Sunset on the Mont Blanc 1873
Leslie Stephen father of Virginia Woolf reached the peak of Mont Blanc in 1873 to admire the sunset, and wrote in his book The playground of Europe :
“The snow at our feet was glowing with rich light, and the shadows in our footsteps a vivid green by the contrast. Beneath us was a vast horizontal floor of thin level mists suspended in mid-air, spread like a canopy over the whole boundless landscape, and tinged with every hue of sunset. Above us rose the solemn mass of Mont Blanc in the richest glow of an Alpine sunset.
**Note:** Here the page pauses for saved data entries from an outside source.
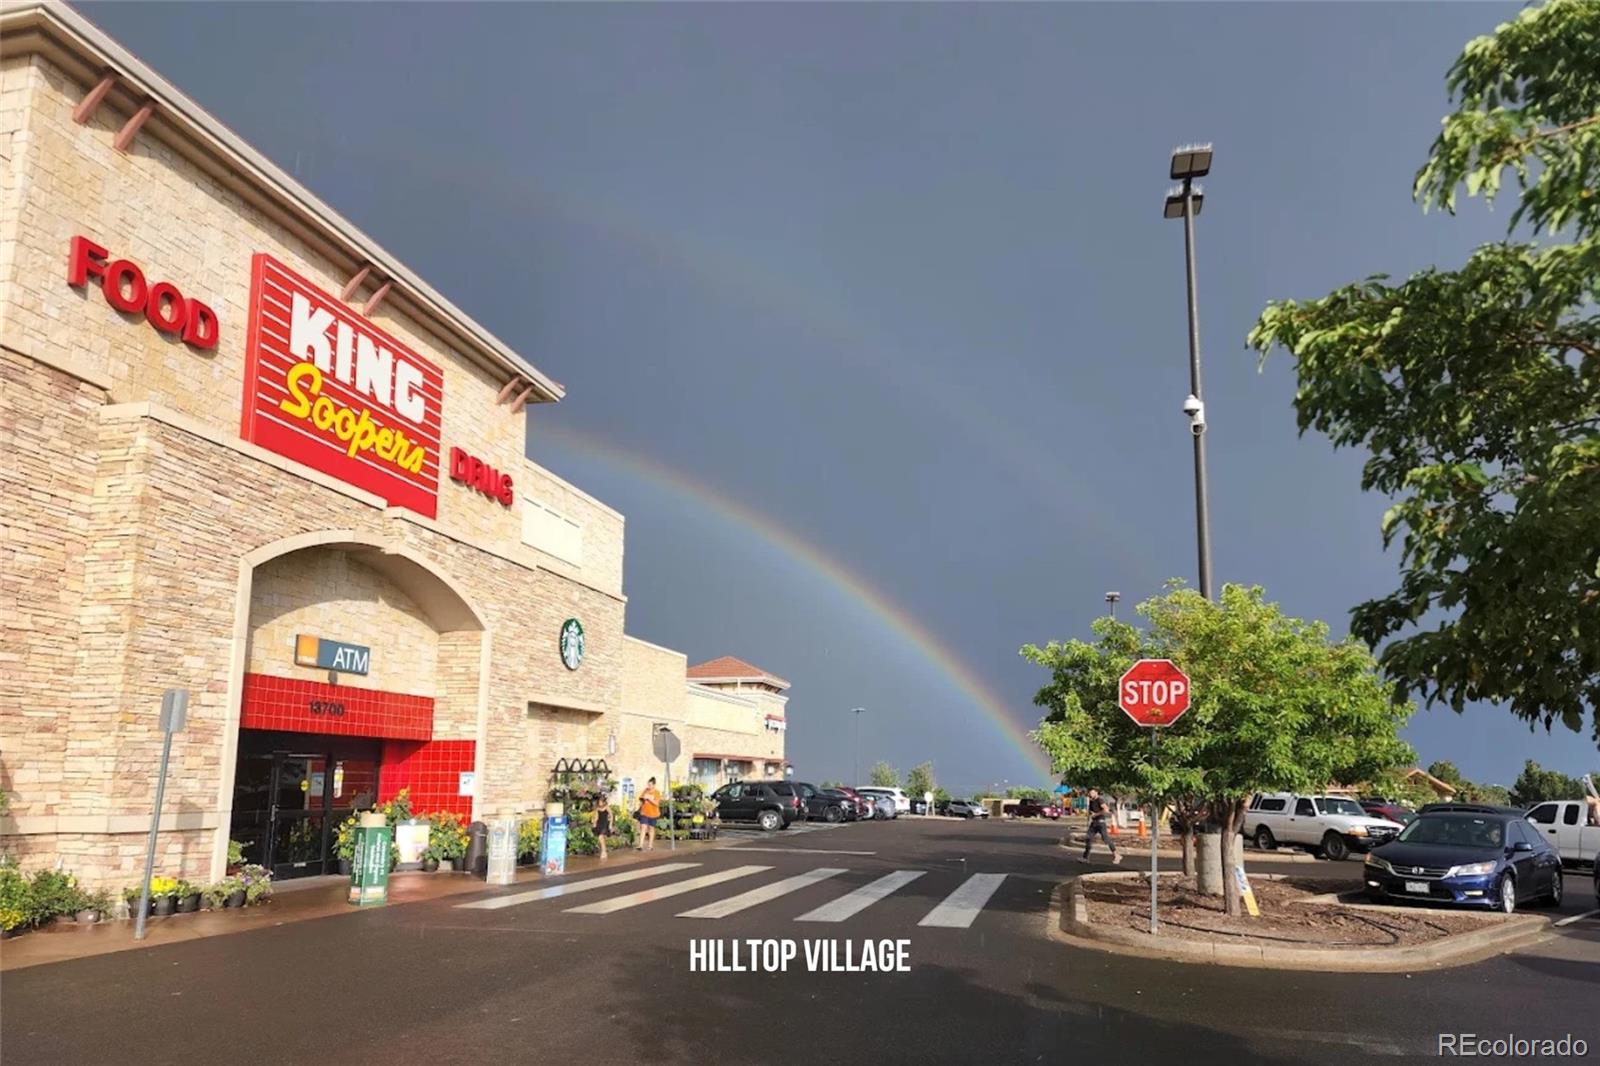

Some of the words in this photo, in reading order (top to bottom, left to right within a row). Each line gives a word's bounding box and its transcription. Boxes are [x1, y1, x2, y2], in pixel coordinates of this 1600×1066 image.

[68, 235, 219, 349] FOOD
[289, 290, 425, 424] KING
[279, 362, 425, 474] Soopers
[450, 446, 513, 506] DRUG
[332, 646, 369, 672] ATM
[310, 700, 345, 717] 13700
[1124, 680, 1185, 705] STOP
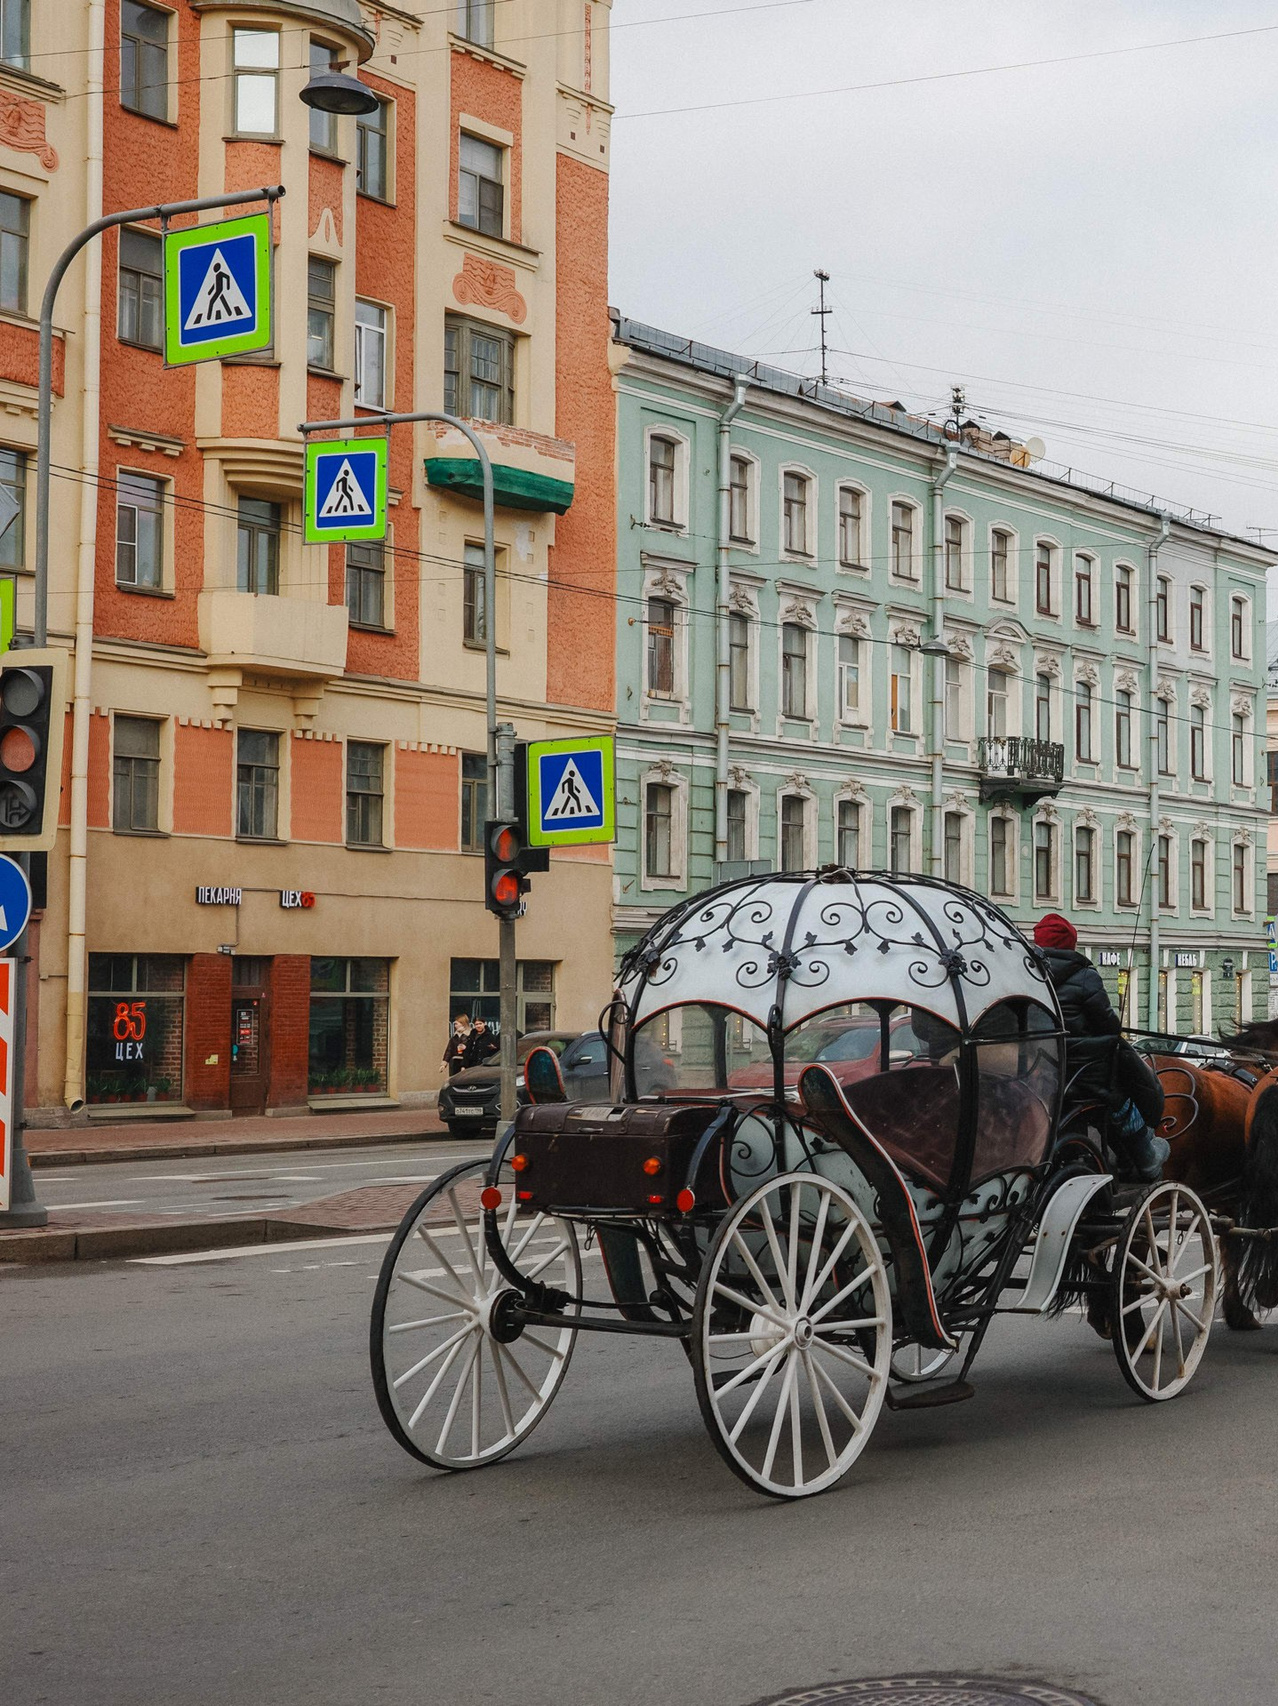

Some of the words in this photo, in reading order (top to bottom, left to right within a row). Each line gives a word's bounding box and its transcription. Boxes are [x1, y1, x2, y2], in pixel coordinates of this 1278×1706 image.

[198, 886, 242, 905] ПЕКАРНЯ
[1102, 952, 1120, 966] КАФЕ
[1178, 953, 1197, 967] КЕБАБ
[113, 1002, 146, 1040] 85
[115, 1042, 144, 1061] ЦЕХ
The sense of lonely sublimity was almost oppressive”
He had reached the top with a long tweed coat; his daughter Virginia recalled in various occasions how much his dad loved to wear it around the streets of London, proud of the yellow marks left on it from the ropes.
Before becoming the Mont Blanc, the name of the mountain went through various paths.
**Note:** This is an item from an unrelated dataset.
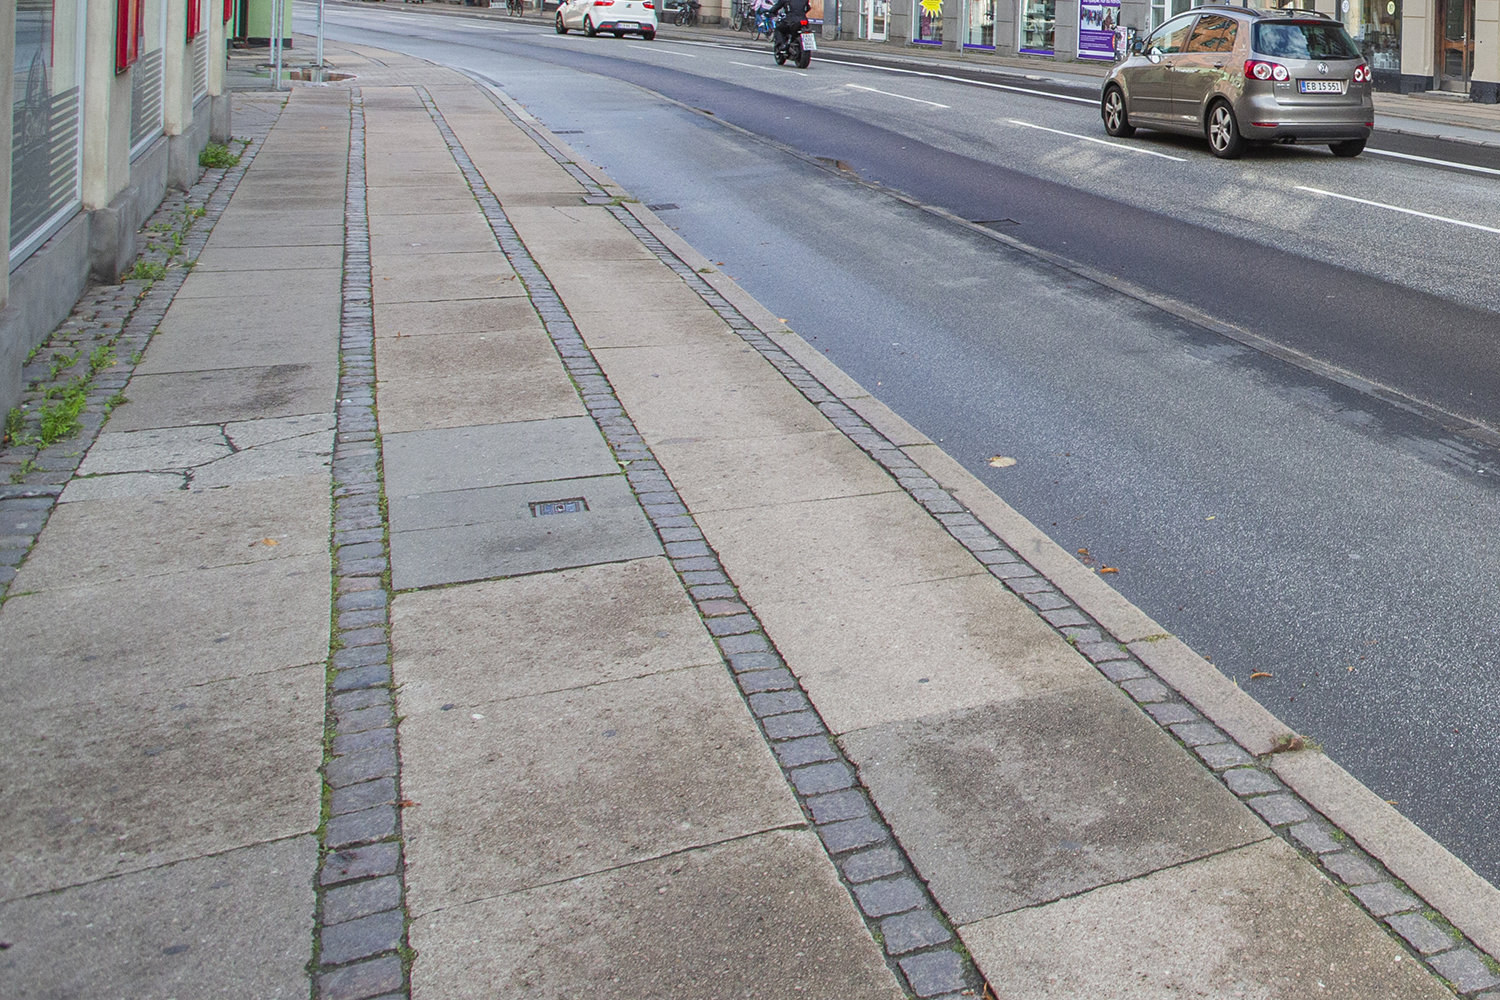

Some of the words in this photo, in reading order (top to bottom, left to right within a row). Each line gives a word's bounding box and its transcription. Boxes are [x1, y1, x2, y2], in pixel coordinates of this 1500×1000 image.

The first known name is Rupes Alba (approximately 1091), Says o Scez Blans (1319), Mont Sainct Bernard (1532), Glaciales Montes (1581), Mont Malay, Mont Malet or Montagne Maudite (1606-1743), other then La Glacière, Les Glacières or Les Glassières (1741-43). It appeares as Mont Maudite, on a map printed in Geneva in 1606 curated by Jac Goulartius Genevensi. Moreover the name Le Mont Blanc is firstly seen on a map published in London in 1744 and the previous toponym Mont Maudite given to another near by peak.